Some states have been certified to collect data directly from hospitals and pass it on to federal agencies — but not Oregon or Washington. An HHS document notes that Oregon was “in process” for certification in December.
Jonathan Modie, a spokesman for Oregon’s Health Authority, declined to say what the state’s reporting status was or shed any light on where the erroneous data came from.
A more comprehensive view of who’s being hospitalized should be possible in the United States. HHS has requested that hospitals provide COVID admission counts in 10-year age ranges. But these data are absent from state files and not usable in facility-level files, which redact patient counts less than four.
Hall declined to respond to questions about this.
Little known about variants
Perhaps the biggest source of uncertainty, though, is the role of variants. Just a fraction of confirmed COVID cases are being sequenced in Oregon right now.
Oregon State was sequencing about 100 to 200 cases a week, including wastewater samples, according to Brett Tyler, director of OSU’s Center for Genome Research and Biocomputing. “We have not detected any variants of concern (i.e. UK, Brazilian, South African) recently,” he said by email.
At Oregon Health & Science University scientists aim for 200 or 250 sequences a week; researchers at the University of Oregon are analyzing 25, though its lab could ramp up, a spokeswoman said.
That’s not enough analysis to provide a clear picture of trends.
The New York Times estimated Oregon has sequenced less than 2% of cumulative cases to date.
In January, OHSU found that the variant B.1.1.7, the variant that emerged in the United Kingdom, is in Oregon. Since then, OHSU researchers found a novel variant in Oregon with a feature — fittingly known as “eek” — that researchers believe may make it more resistant to the vaccine. Even as case counts have fallen, the B.1.1.7 variant case count has grown, with some estimating that it will be the dominant form of COVID-19 in the U.S. in the spring. A dashboard from genomic testing company Helix recently found the B.1.1.7 variant in about 30% of samples.

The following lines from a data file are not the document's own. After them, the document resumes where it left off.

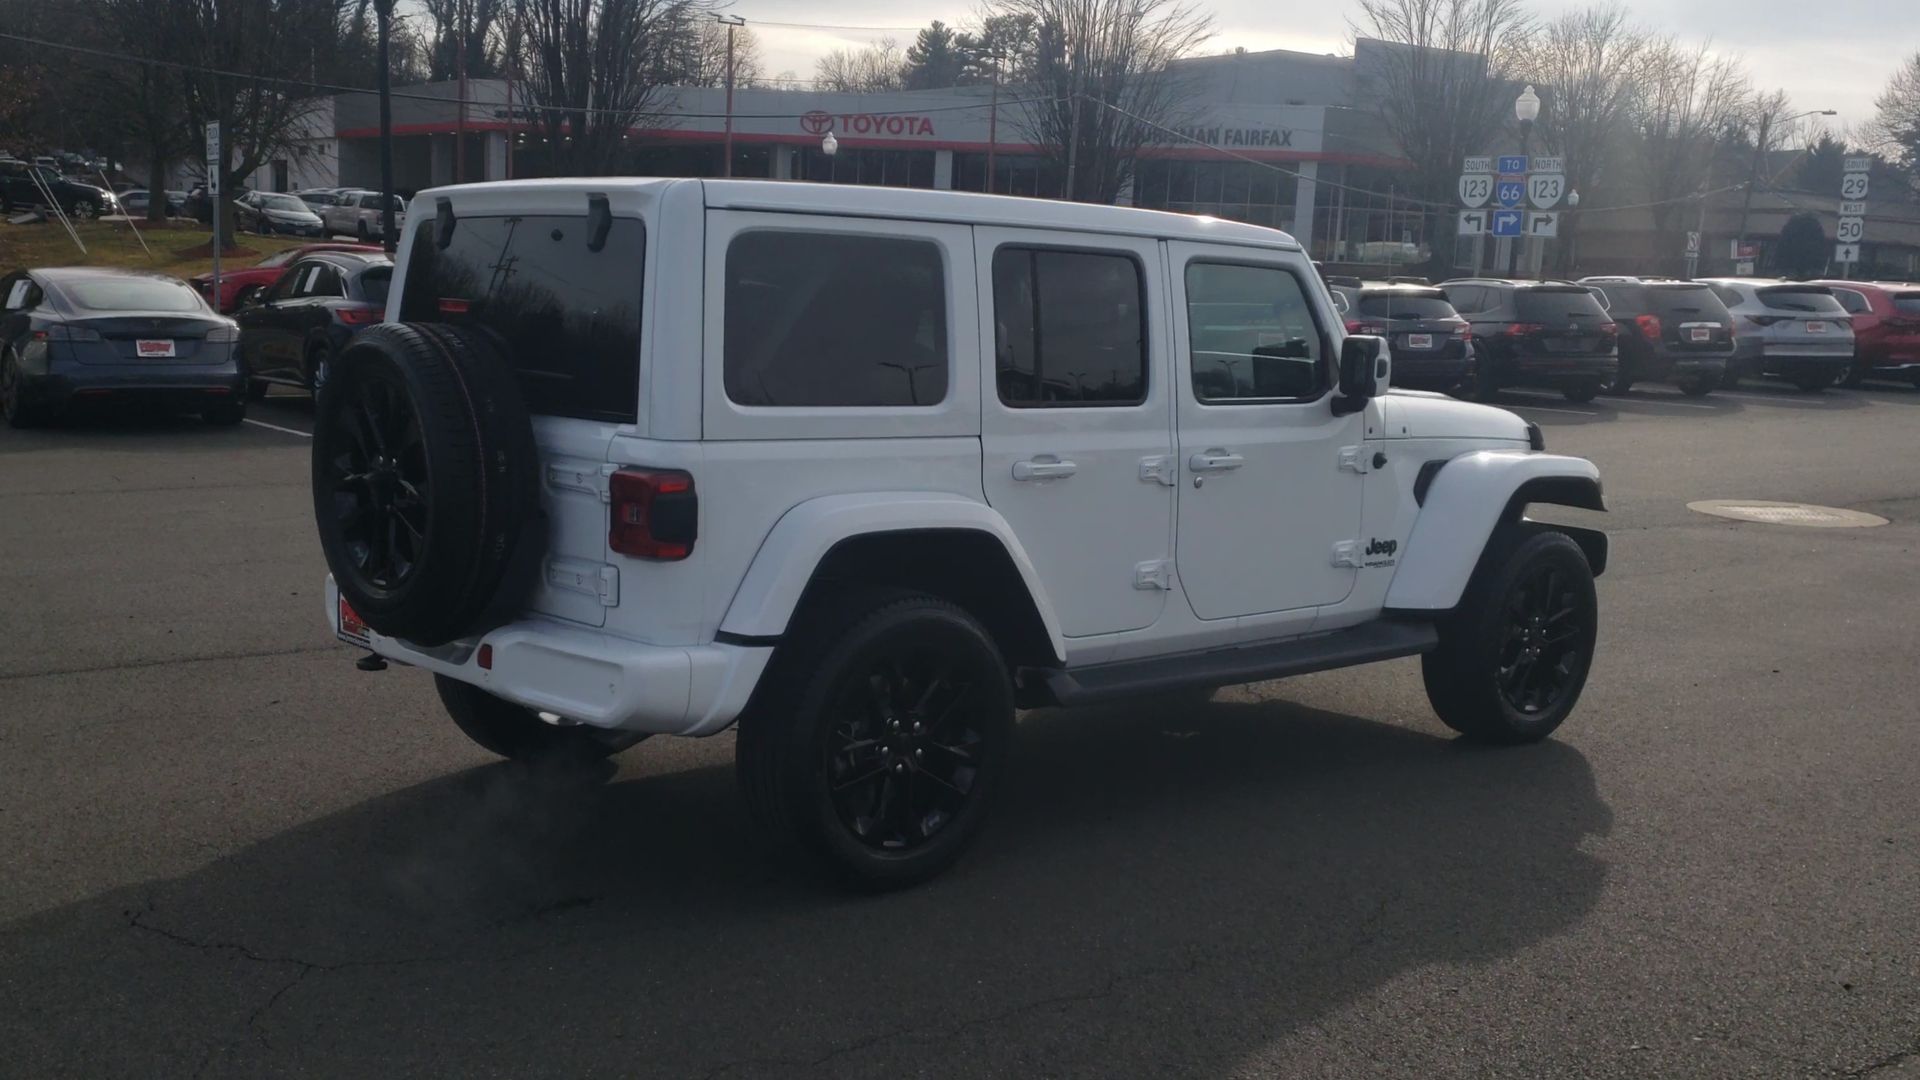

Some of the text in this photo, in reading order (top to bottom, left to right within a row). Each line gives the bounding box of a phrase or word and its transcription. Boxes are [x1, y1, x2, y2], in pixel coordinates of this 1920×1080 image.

[840, 114, 935, 136] TOYOTA
[1224, 128, 1293, 147] FAIRFAX
[1465, 160, 1490, 170] SOUTH
[1506, 160, 1520, 170] TO
[1535, 159, 1561, 170] NORTH
[1463, 180, 1488, 198] 123
[1501, 185, 1520, 200] 66
[1533, 180, 1559, 199] 123
[1844, 179, 1866, 194] 29
[1839, 222, 1860, 237] 50
[1365, 537, 1397, 557] Jeep

Limited sequencing in the U.S. has reduced the country’s ability to know for sure what is going on, said Dr. Maureen Hoatlin, a biomedical consultant and recently retired faculty member at OHSU. What happens in Europe is often observed later in the U.S., she said by email.
In Italy, doctors specifically raised the alarm over the possibility of the B.1.1.7 variant spreading more widely in children.
“We are flying blind in the U.S. with regard to the variants,” Hoatlin said.